▸ **Work request**
Everything in the records below is to be reproduced exactly, apart from the images.

:::::

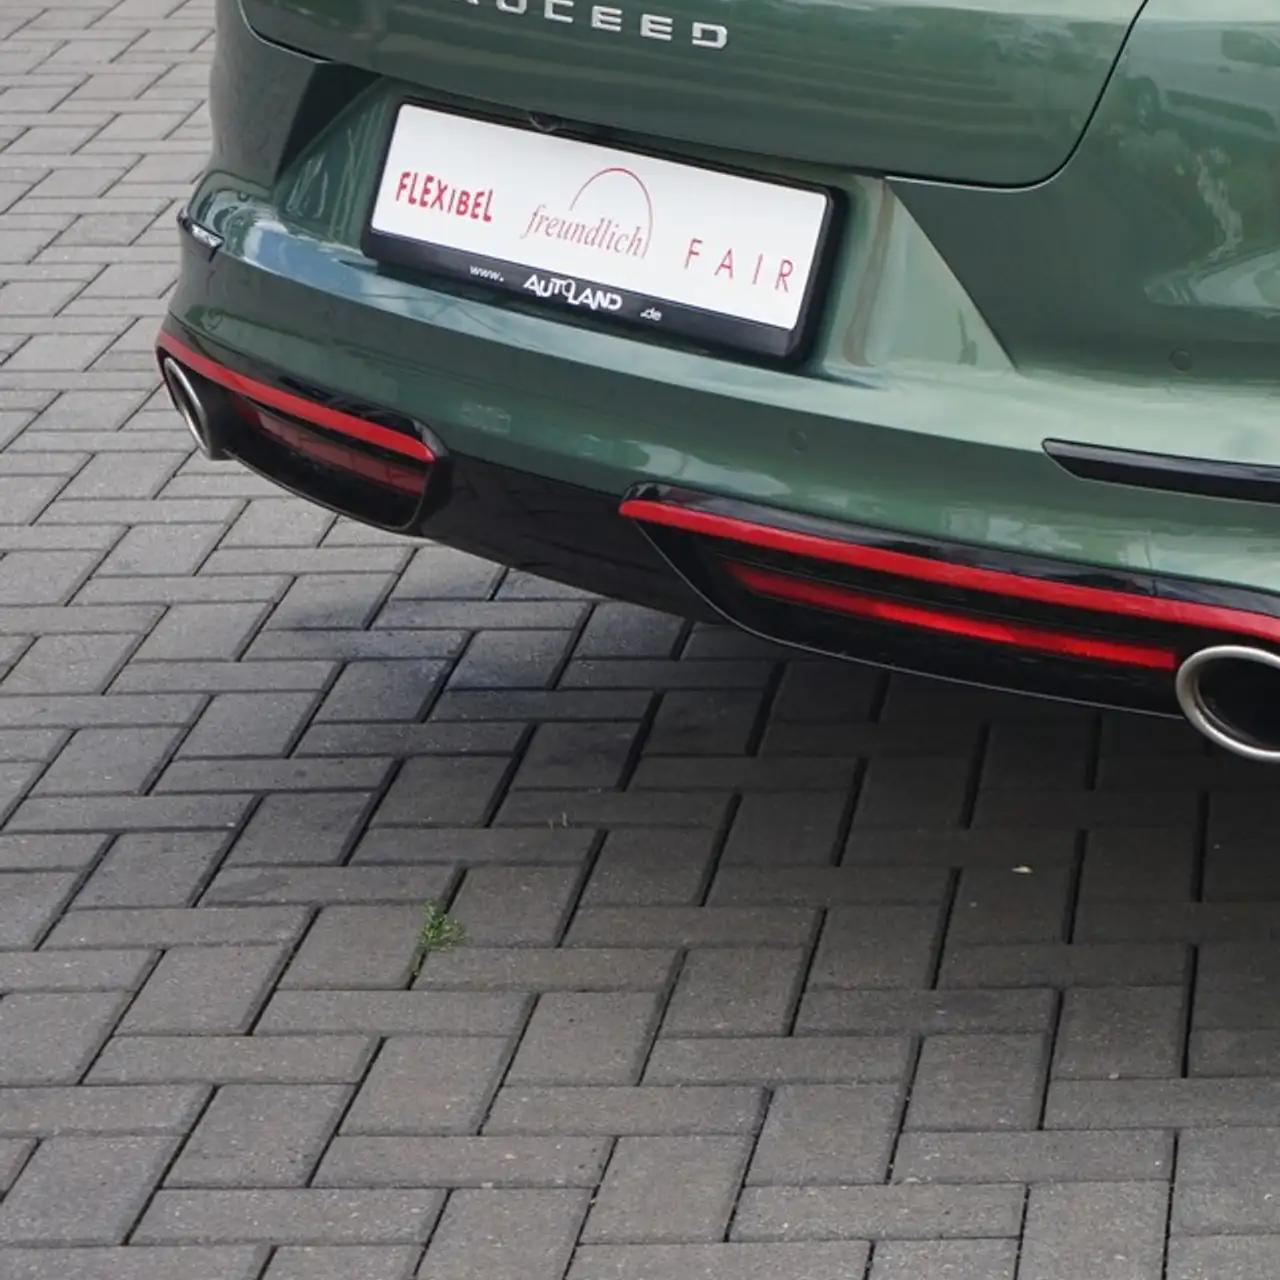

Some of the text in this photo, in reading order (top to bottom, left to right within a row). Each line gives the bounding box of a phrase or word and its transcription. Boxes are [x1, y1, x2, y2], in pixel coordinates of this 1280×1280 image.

[395, 171, 493, 223] FLEXIBEL
[519, 204, 644, 257] freundlich
[684, 238, 795, 294] FAIR
[469, 265, 663, 322] www. AUTOLAND .de
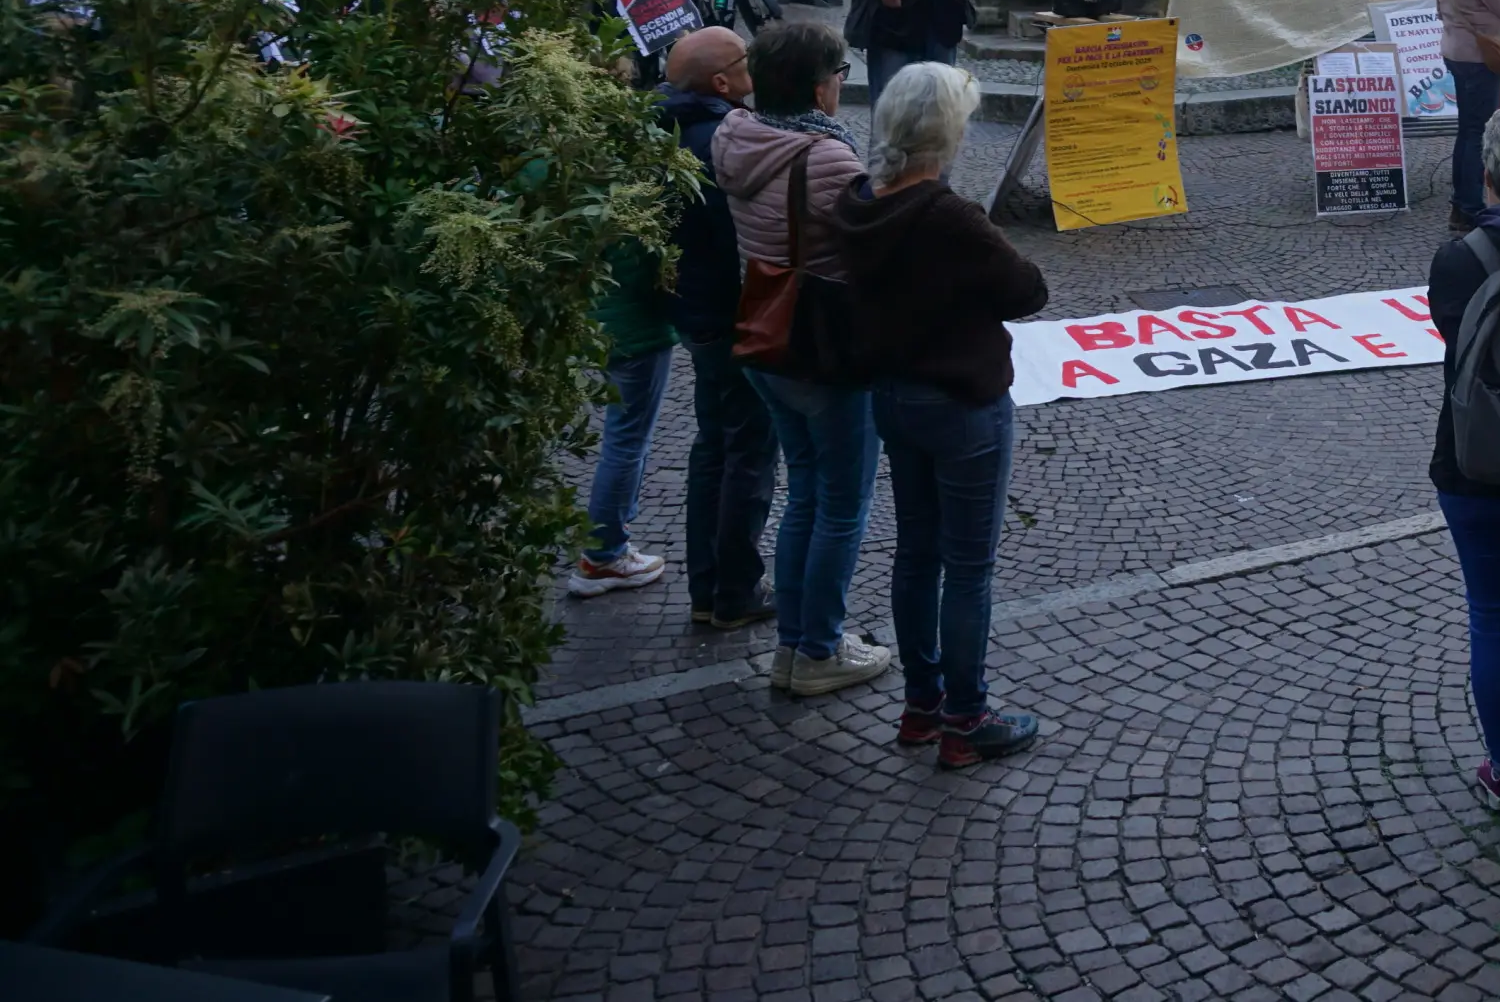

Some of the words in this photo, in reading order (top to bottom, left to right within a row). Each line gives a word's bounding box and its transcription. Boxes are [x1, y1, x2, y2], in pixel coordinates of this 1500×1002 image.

[639, 10, 677, 34] SCENDI
[677, 7, 685, 16] IN
[643, 19, 680, 43] PIAZZA
[1408, 28, 1429, 36] NAVI
[1074, 56, 1084, 64] LA
[1065, 304, 1342, 352] BASTA
[1061, 359, 1121, 388] A
[1133, 338, 1351, 379] GAZA
[1350, 333, 1408, 359] E
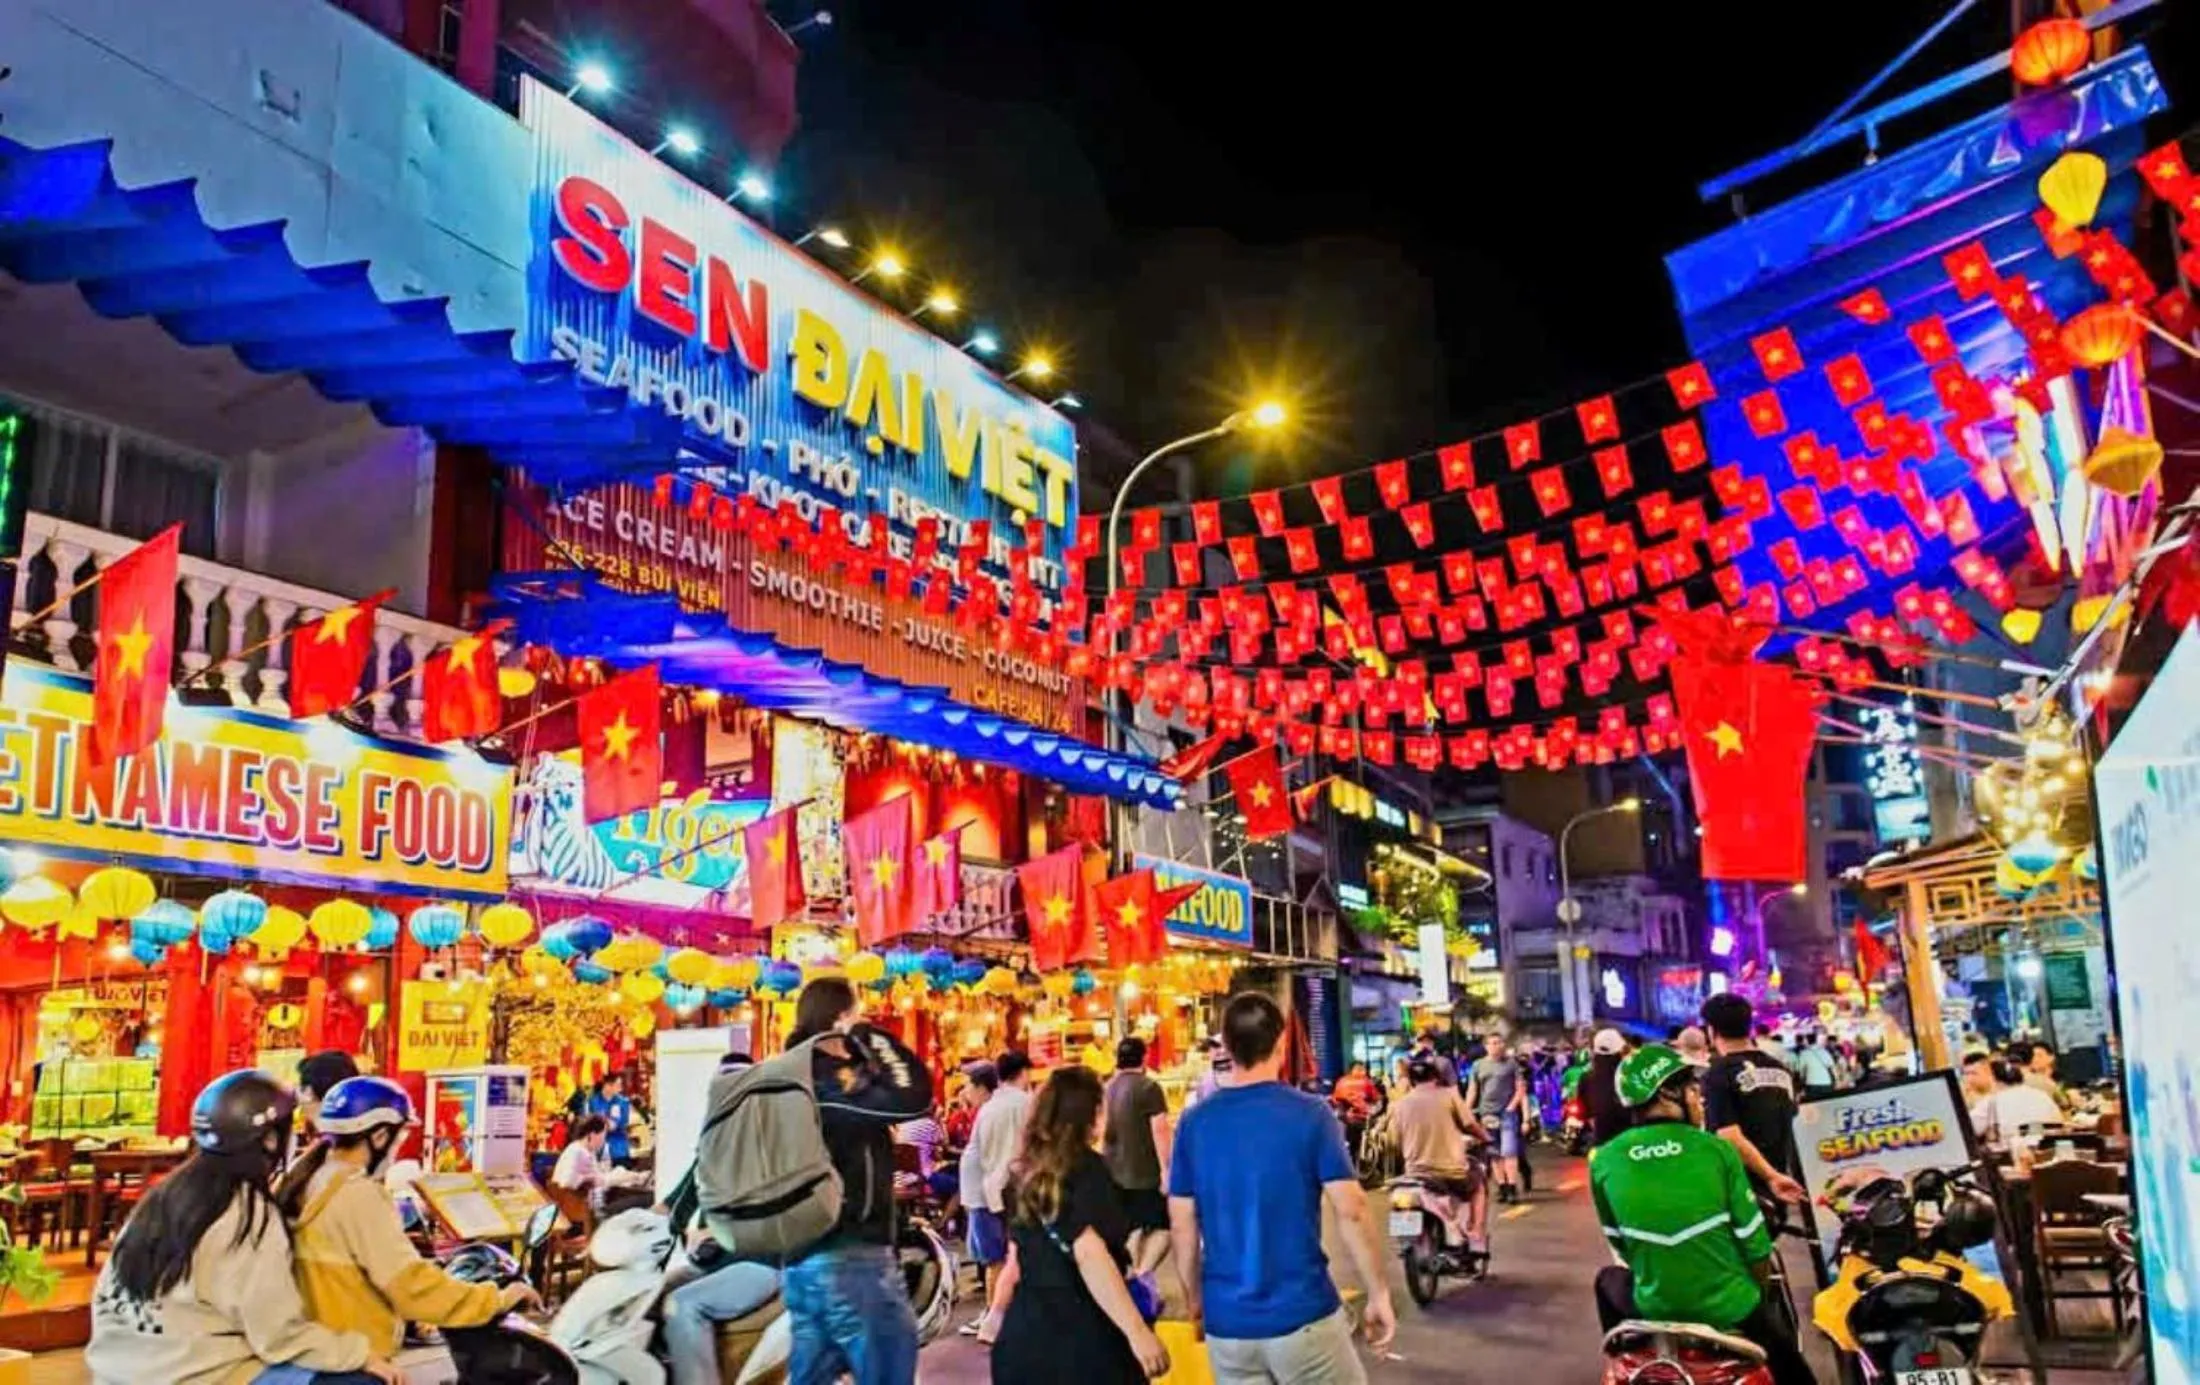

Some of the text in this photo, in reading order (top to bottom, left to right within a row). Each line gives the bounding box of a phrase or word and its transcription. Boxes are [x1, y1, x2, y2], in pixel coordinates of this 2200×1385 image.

[551, 174, 771, 374] SEN
[931, 387, 1073, 528] VIỆT
[551, 325, 750, 447] SEAFOOD
[614, 510, 724, 573] CREAM
[748, 560, 883, 631] SMOOTHIE
[904, 617, 967, 660] JUICE
[984, 647, 1071, 696] COCONUT
[359, 771, 492, 868] FOOD
[1628, 1138, 1683, 1161] Grab
[1817, 1118, 1946, 1163] SEAFOOD
[1835, 1097, 1910, 1131] Fresh
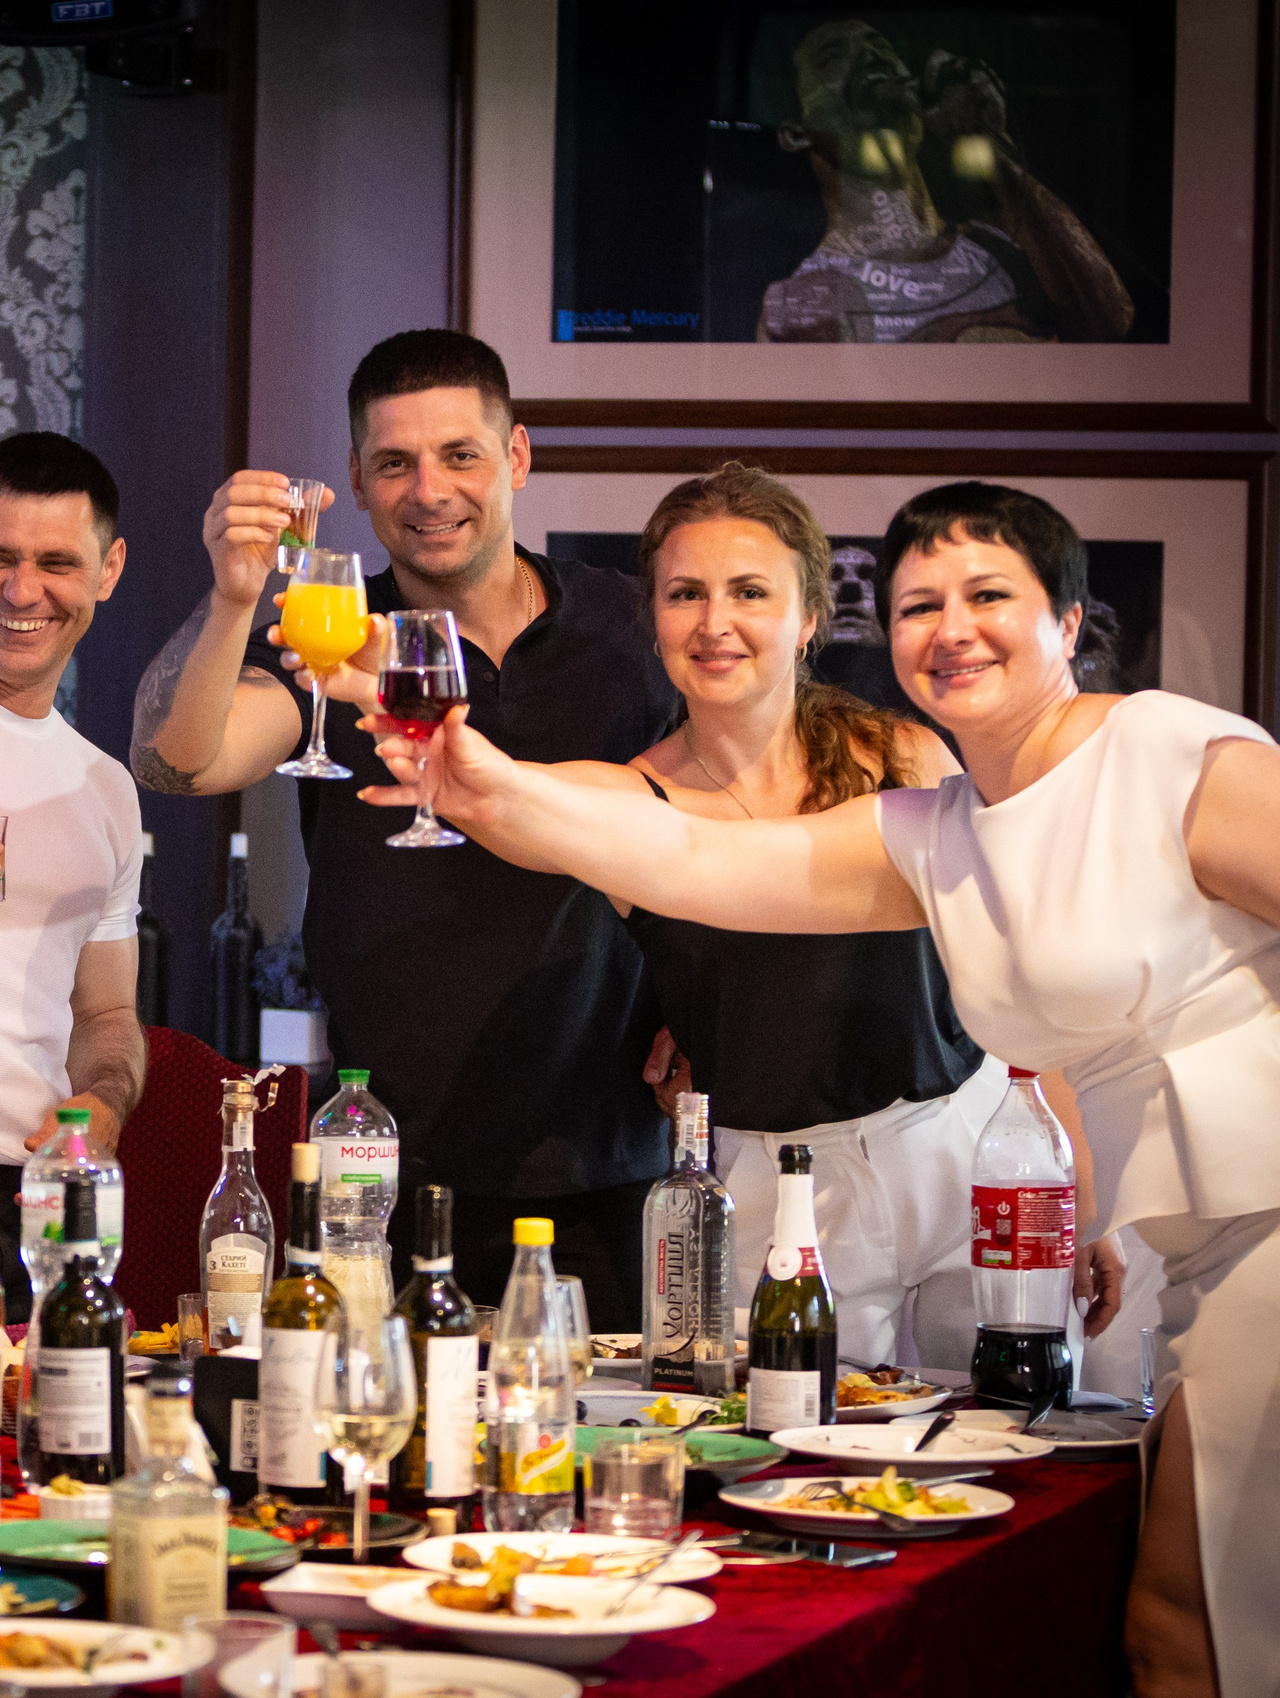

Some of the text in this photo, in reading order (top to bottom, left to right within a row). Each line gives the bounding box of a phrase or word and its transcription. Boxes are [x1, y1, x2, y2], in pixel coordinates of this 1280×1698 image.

:::::

▸ **Written reply**
Some of the text in this photo, in reading order (top to bottom, left to right within a row). Each line gives the bounding box of a phrase or word and its transcription. Boxes are [x1, y1, x2, y2], in pixel coordinates of this 1280×1280 image.

[395, 171, 493, 223] FLEXIBEL
[519, 204, 644, 257] freundlich
[684, 238, 795, 294] FAIR
[469, 265, 663, 322] www. AUTOLAND .de

Some of the words in this photo, in reading order (top to bottom, left to right within a row). Each line gives a word's bounding box and its transcription. Boxes are [x1, y1, x2, y2], in pixel coordinates of this 1500×1002 image.

[639, 10, 677, 34] SCENDI
[677, 7, 685, 16] IN
[643, 19, 680, 43] PIAZZA
[1408, 28, 1429, 36] NAVI
[1074, 56, 1084, 64] LA
[1065, 304, 1342, 352] BASTA
[1061, 359, 1121, 388] A
[1133, 338, 1351, 379] GAZA
[1350, 333, 1408, 359] E

Some of the text in this photo, in reading order (top to bottom, left to right within a row). Each line gives the bounding box of a phrase or word and its transcription. Boxes are [x1, y1, x2, y2], in pixel coordinates of this 2200×1385 image.

[551, 174, 771, 374] SEN
[931, 387, 1073, 528] VIỆT
[551, 325, 750, 447] SEAFOOD
[614, 510, 724, 573] CREAM
[748, 560, 883, 631] SMOOTHIE
[904, 617, 967, 660] JUICE
[984, 647, 1071, 696] COCONUT
[359, 771, 492, 868] FOOD
[1628, 1138, 1683, 1161] Grab
[1817, 1118, 1946, 1163] SEAFOOD
[1835, 1097, 1910, 1131] Fresh

Some of the text in this photo, in reading order (top to bottom, left to right within a row). Each line gives the bounding box of a phrase or word and its transcription. Boxes are [x1, y1, x2, y2], in pixel coordinates of this 1280×1698 image.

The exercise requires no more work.